▶ **EXERCISE PROMPT**: Please restate each line of the data below exactly. Omit all images.

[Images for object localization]
————

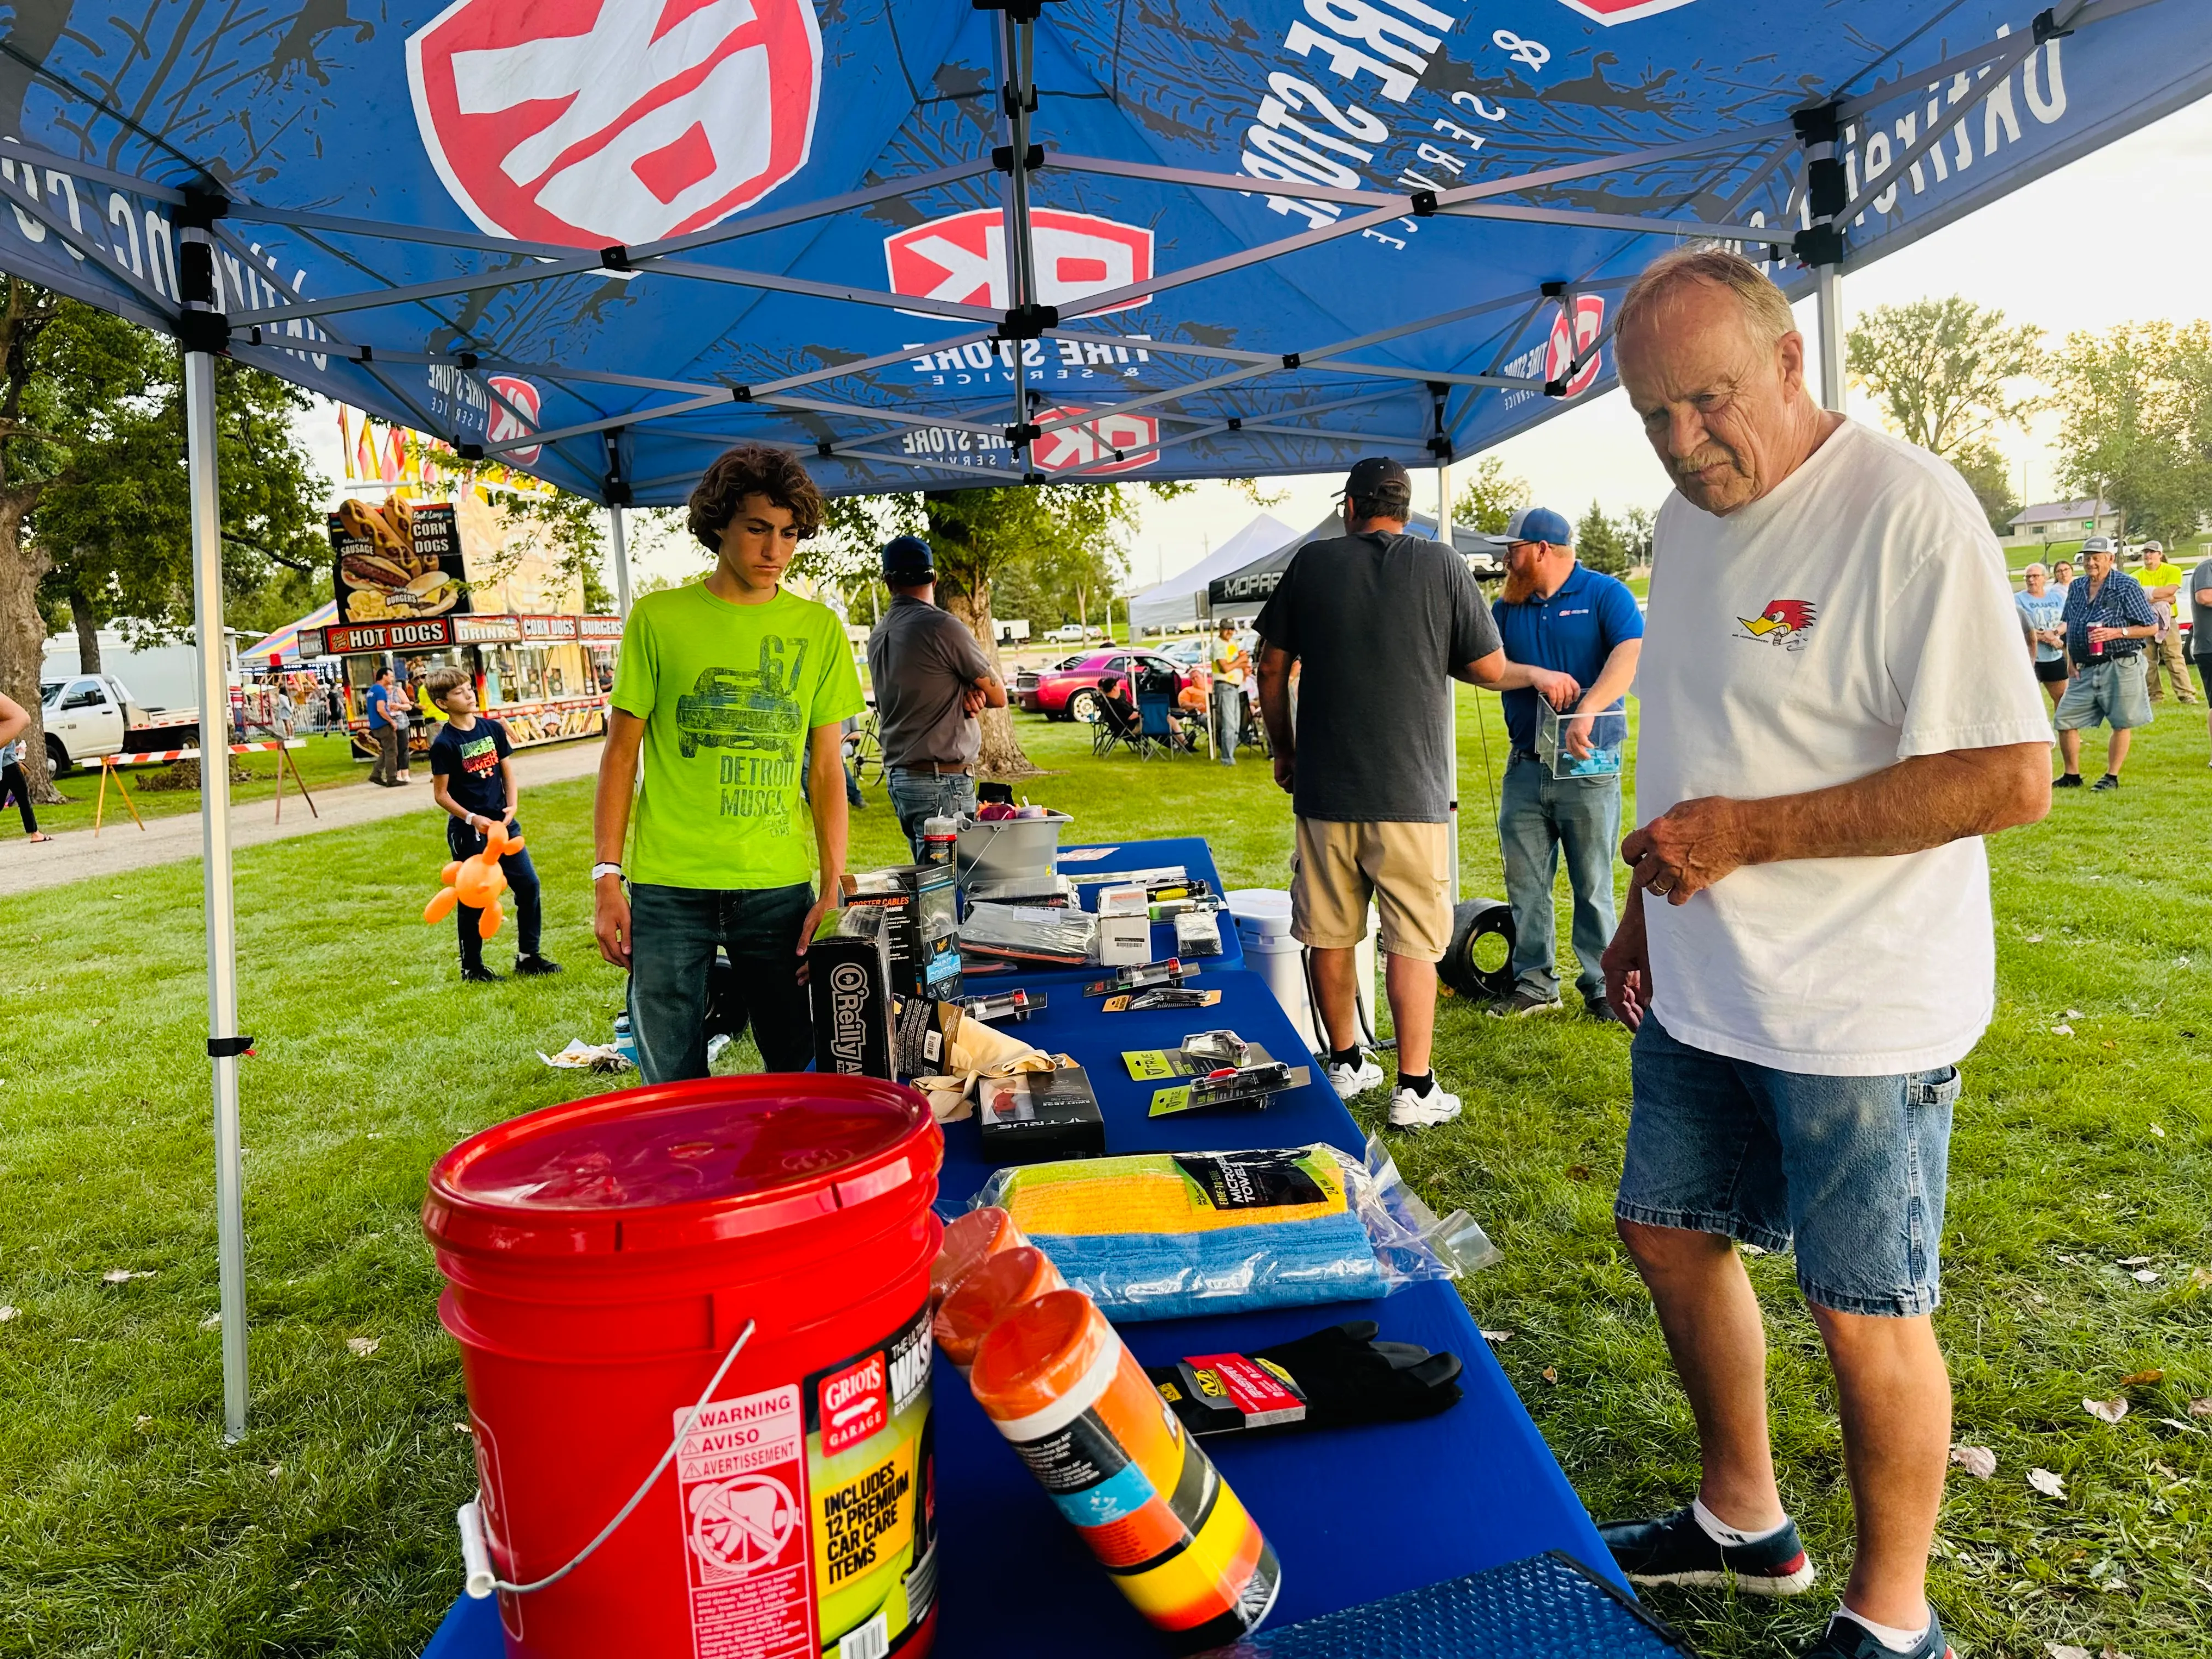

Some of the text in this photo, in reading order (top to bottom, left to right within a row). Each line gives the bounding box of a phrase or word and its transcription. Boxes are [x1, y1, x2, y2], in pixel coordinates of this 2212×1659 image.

[413, 522, 447, 537] CORN
[340, 544, 374, 557] SAUSAGE
[415, 538, 449, 554] DOGS
[386, 594, 417, 605] BURGERS
[348, 623, 443, 647] HOT DOGS
[459, 626, 518, 641] DRINKS
[523, 619, 575, 635] CORN DOGS
[581, 620, 623, 635] BURGERS
[759, 635, 809, 694] 67
[720, 755, 797, 786] DETROIT
[882, 896, 910, 906] CABLES
[834, 966, 866, 1057] O'Reilly
[1141, 1053, 1158, 1068] TRUE
[997, 1120, 1061, 1130] TRUE
[891, 1336, 908, 1360] THE
[825, 1359, 881, 1411] GRIOT'S
[699, 1395, 791, 1427] WARNING
[702, 1428, 759, 1453] AVISO
[829, 1410, 882, 1447] GARAGE
[703, 1441, 795, 1476] AVERTISSEMENT
[824, 1460, 895, 1518] INCLUDES
[826, 1469, 909, 1540] 12 PREMIUM
[827, 1502, 898, 1562] CAR CARE
[828, 1542, 876, 1585] ITEMS
[696, 1590, 729, 1600] Children

————

▶ **ANSWER FOR THE TASK**:
Some of the text in this photo, in reading order (top to bottom, left to right within a row). Each line gives the bounding box of a phrase or word and its transcription. Boxes are [x1, y1, x2, y2], in pixel coordinates of this 2212×1659 image.

[413, 522, 447, 537] CORN
[340, 544, 374, 557] SAUSAGE
[415, 538, 449, 554] DOGS
[386, 594, 417, 605] BURGERS
[348, 623, 443, 647] HOT DOGS
[459, 626, 518, 641] DRINKS
[523, 619, 575, 635] CORN DOGS
[581, 620, 623, 635] BURGERS
[759, 635, 809, 694] 67
[720, 755, 797, 786] DETROIT
[882, 896, 910, 906] CABLES
[834, 966, 866, 1057] O'Reilly
[1141, 1053, 1158, 1068] TRUE
[997, 1120, 1061, 1130] TRUE
[891, 1336, 908, 1360] THE
[825, 1359, 881, 1411] GRIOT'S
[699, 1395, 791, 1427] WARNING
[702, 1428, 759, 1453] AVISO
[829, 1410, 882, 1447] GARAGE
[703, 1441, 795, 1476] AVERTISSEMENT
[824, 1460, 895, 1518] INCLUDES
[826, 1469, 909, 1540] 12 PREMIUM
[827, 1502, 898, 1562] CAR CARE
[828, 1542, 876, 1585] ITEMS
[696, 1590, 729, 1600] Children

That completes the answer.